During this period I take full responsibility.

Duration: 6 hours (8 pm – 2 am).[6]

Abramović said the work "pushed her body to the limits".[5] Visitors were gentle to begin with, offering her a rose or a kiss.[2] Art critic Thomas McEvilley, who was present, wrote:

"It began tamely. Someone turned her around. Someone thrust her arms into the air. Someone touched her somewhat intimately. The Neapolitan night began to heat up. In the third hour all her clothes were cut from her with razor sharp blades. In the fourth hour the same blades began to explore her skin. Her throat was slashed so someone could suck her blood. Various minor sexual assaults were carried out on her body. She was so committed to the piece that she would not have resisted rape or murder. Faced with her abdication of will, with its implied collapse of human psychology, a protective group began to define itself in the audience. When a loaded gun was thrust to Marina's head and her own finger was being worked around the trigger, a fight broke out between the audience factions."[7]

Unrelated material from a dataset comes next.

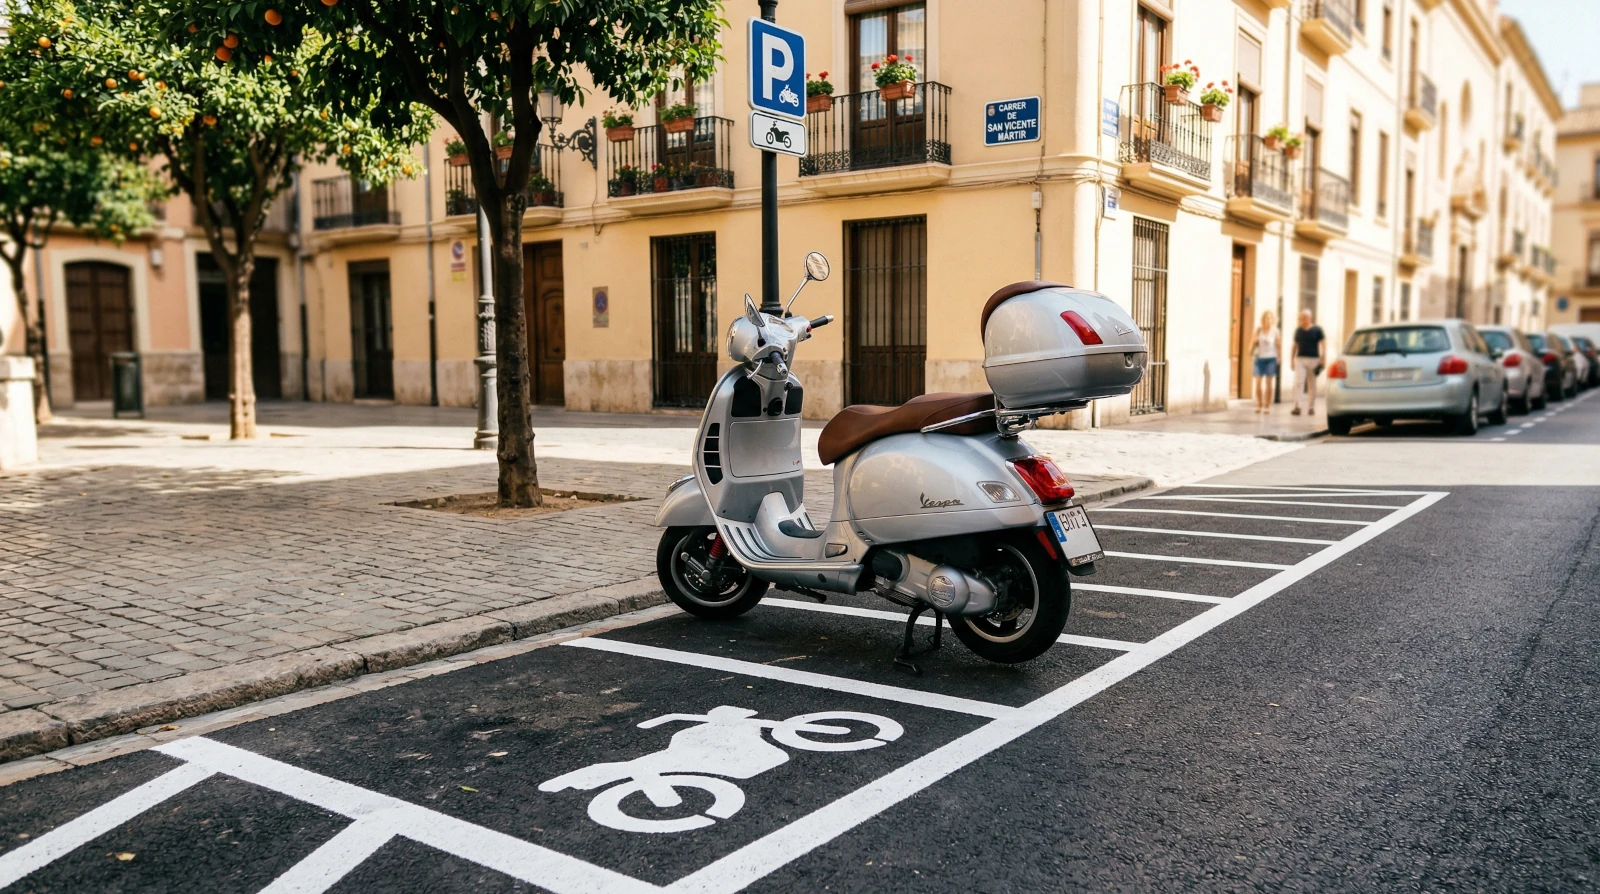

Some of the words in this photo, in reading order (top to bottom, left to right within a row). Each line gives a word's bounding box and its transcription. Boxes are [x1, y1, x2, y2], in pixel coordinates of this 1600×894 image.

As Abramović described it later: "What I learned was that ... if you leave it up to the audience, they can kill you ... I felt really violated: they cut up my clothes, stuck rose thorns in my stomach, one person aimed the gun at my head, and another took it away. It created an aggressive atmosphere. After exactly 6 hours, as planned, I stood up and started walking toward the audience. Everyone ran away, to escape an actual confrontation."[8][9]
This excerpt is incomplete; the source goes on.